Determine vector and parametric equations for the plane containing the point A(2, 3, -1) and parallel to the plane with equation (x, y, z) = (2, 1, -3) + s(5, 2, -1) + t(3, -2, 4).

Can someone confirm?

Relevant Equations

n/a

 

[Mark44]

Homework Statement:: Determine vector and parametric equations for the plane containing the point A(2, 3, -1) and parallel to the plane with equation (x, y, z) = (2, 1, -3) + s(5, 2, -1) + t(3, -2, 4).

Can someone confirm?
Relevant Equations:: n/a

View attachment 260205

Comment: Your vector equation isn't an equation. An equation always has '=' in it.
Can you check these for yourself? Does your plane contain the point A(2, 3, -1)? Since your plane is parallel to the given plane, it should contain the same two vectors as the given plane.

 

[ttpp1124]

Comment: Your vector equation isn't an equation. An equation always has '=' in it.
Can you check these for yourself? Does your plane contain the point A(2, 3, -1)? Since your plane is parallel to the given plane, it should contain the same two vectors as the given plane.

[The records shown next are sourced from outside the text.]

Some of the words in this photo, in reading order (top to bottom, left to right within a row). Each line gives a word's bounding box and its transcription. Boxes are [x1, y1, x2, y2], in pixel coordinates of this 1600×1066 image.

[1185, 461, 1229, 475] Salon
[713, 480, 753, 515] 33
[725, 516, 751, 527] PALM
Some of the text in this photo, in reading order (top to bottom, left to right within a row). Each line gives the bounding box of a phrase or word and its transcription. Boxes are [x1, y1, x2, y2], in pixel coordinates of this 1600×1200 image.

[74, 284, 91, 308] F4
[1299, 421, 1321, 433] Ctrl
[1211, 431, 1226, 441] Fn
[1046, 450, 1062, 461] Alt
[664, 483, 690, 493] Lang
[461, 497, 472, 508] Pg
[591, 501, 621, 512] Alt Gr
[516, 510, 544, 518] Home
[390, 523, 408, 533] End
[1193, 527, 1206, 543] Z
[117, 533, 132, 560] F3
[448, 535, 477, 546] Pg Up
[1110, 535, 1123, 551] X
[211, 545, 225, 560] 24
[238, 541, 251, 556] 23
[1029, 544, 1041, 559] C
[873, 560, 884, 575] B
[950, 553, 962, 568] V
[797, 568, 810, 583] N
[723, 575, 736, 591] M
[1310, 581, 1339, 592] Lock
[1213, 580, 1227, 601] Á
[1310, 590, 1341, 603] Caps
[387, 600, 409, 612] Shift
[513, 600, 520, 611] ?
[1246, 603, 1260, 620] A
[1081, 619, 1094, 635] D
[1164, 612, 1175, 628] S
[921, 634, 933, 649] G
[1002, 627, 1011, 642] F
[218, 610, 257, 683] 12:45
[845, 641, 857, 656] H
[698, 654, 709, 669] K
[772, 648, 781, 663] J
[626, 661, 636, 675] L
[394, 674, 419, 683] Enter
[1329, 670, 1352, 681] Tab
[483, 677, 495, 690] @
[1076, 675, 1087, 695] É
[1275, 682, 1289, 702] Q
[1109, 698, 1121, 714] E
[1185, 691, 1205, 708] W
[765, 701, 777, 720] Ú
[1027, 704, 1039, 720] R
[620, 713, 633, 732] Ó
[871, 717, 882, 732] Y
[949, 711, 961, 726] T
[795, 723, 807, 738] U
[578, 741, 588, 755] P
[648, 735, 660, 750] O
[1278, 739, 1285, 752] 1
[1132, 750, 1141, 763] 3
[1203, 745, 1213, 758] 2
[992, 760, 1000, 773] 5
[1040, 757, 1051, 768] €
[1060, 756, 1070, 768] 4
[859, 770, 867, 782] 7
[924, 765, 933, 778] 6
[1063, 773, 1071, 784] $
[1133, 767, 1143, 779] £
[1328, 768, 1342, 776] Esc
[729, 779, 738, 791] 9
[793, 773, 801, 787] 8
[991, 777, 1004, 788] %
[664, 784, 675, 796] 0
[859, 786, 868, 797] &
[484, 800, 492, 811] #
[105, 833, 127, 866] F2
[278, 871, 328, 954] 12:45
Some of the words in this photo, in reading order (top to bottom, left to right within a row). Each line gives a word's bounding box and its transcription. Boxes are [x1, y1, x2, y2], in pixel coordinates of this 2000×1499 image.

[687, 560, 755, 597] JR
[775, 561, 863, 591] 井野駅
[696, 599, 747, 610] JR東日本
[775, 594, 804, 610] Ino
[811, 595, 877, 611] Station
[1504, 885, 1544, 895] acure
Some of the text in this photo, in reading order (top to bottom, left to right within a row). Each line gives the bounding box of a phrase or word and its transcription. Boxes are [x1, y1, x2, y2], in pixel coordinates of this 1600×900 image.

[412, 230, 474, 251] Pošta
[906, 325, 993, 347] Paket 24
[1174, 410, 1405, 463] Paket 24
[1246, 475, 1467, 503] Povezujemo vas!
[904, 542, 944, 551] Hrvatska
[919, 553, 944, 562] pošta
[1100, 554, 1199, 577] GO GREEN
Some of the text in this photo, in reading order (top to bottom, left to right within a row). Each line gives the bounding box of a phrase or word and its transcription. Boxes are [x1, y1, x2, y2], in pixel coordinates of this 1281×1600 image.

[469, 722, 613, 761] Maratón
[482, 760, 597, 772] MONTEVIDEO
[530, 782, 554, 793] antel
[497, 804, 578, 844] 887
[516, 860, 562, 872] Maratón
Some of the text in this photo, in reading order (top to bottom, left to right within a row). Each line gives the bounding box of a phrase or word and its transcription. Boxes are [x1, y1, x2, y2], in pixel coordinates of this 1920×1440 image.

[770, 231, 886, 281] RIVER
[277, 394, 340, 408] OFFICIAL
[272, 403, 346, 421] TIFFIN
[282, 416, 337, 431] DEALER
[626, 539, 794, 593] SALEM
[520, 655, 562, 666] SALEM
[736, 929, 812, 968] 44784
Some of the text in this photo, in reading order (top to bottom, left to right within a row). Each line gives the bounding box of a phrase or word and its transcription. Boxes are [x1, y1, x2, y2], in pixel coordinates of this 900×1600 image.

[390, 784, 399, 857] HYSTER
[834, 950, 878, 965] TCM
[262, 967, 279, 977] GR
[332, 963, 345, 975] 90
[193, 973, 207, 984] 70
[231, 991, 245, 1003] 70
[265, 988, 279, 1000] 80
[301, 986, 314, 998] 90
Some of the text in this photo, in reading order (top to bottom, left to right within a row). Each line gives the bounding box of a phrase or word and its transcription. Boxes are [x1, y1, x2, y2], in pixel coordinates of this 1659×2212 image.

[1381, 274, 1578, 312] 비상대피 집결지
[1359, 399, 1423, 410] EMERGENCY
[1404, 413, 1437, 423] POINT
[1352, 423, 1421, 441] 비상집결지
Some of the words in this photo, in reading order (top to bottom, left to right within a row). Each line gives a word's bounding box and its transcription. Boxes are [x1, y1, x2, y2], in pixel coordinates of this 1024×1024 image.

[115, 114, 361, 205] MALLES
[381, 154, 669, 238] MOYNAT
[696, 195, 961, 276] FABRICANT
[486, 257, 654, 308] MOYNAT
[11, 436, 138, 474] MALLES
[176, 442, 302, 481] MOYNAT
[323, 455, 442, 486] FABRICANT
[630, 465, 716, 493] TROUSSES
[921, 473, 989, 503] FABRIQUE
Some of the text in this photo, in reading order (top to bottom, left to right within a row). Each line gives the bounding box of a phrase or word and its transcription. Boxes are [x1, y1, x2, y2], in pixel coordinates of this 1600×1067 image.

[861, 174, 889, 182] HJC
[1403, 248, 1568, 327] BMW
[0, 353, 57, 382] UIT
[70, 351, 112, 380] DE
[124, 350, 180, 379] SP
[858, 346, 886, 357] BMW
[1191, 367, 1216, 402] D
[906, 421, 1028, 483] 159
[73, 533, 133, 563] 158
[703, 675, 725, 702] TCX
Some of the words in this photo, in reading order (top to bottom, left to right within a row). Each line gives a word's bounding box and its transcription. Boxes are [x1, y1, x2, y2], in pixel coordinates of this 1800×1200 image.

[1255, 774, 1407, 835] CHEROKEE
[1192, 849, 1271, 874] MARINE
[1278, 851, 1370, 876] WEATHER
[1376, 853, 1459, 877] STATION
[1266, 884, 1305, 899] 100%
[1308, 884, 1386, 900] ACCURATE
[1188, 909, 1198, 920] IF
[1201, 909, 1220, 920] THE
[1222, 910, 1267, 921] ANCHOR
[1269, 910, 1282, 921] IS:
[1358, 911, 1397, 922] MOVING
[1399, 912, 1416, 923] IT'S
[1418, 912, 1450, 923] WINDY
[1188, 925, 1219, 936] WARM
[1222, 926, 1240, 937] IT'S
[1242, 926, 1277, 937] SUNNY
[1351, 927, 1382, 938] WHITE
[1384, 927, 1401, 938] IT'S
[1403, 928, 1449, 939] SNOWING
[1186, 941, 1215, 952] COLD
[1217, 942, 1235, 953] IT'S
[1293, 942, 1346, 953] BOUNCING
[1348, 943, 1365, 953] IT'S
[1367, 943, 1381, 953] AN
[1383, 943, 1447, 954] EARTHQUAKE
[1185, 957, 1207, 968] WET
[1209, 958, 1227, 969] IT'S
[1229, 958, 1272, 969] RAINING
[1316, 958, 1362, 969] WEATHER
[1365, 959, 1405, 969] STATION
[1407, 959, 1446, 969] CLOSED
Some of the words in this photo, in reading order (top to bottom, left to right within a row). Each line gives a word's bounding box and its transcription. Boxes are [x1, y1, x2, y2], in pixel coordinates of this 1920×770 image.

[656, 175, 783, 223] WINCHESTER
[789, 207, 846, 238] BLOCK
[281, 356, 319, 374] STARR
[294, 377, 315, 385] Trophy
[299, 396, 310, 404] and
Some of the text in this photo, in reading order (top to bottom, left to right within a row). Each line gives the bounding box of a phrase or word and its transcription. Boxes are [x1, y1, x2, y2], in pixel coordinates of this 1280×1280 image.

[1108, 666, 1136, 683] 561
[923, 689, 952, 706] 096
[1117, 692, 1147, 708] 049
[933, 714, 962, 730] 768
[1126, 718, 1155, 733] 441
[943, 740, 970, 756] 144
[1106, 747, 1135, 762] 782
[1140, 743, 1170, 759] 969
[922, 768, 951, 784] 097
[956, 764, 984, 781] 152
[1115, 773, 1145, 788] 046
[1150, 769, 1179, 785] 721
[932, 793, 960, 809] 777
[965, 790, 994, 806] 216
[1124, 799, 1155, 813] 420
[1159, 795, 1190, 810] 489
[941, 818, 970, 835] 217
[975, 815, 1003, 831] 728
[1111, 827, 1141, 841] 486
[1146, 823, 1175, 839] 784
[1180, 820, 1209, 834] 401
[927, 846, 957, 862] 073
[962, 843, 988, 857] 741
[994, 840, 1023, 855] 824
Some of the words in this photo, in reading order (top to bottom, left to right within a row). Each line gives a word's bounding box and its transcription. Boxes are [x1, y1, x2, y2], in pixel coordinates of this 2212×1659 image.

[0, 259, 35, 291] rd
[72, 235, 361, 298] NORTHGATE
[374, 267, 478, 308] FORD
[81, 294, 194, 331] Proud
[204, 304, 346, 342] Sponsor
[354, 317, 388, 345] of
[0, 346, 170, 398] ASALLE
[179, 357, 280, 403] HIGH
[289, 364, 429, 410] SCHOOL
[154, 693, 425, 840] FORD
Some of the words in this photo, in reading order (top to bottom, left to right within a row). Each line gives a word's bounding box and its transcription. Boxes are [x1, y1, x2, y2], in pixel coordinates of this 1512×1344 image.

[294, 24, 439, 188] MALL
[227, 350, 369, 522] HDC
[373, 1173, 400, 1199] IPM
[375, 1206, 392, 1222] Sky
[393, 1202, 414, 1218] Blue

To obtain a plane parallel to P0 and passing through the point A(2,3,−1), all we need to do is add A as a vector (I dropped the coordinates for brevity) to all the points of P0. This gives us the plane

(𝑥,𝑦,𝑧)=𝐴+𝑠(5,2,−1)+𝑡(3,−2,4)

 

[Mark44]

To obtain a plane parallel to P0 and passing through the point A(2,3,−1), all we need to do is add A as a vector (I dropped the coordinates for brevity) to all the points of P0. This gives us the plane

(𝑥,𝑦,𝑧)=𝐴+𝑠(5,2,−1)+𝑡(3,−2,4)

Yes,, I understand how you got the equation, but I was responding to your request for someone to verify that your work was correct. Here's what I said before:

Can you check these for yourself? Does your plane contain the point A(2, 3, -1)? Since your plane is parallel to the given plane, it should contain the same two vectors as the given plane.

One of the things I've always liked about mathematics, especially at somewhat higher levels, is that it's not difficult to verify your work for yourself. What I said above was how you can do this.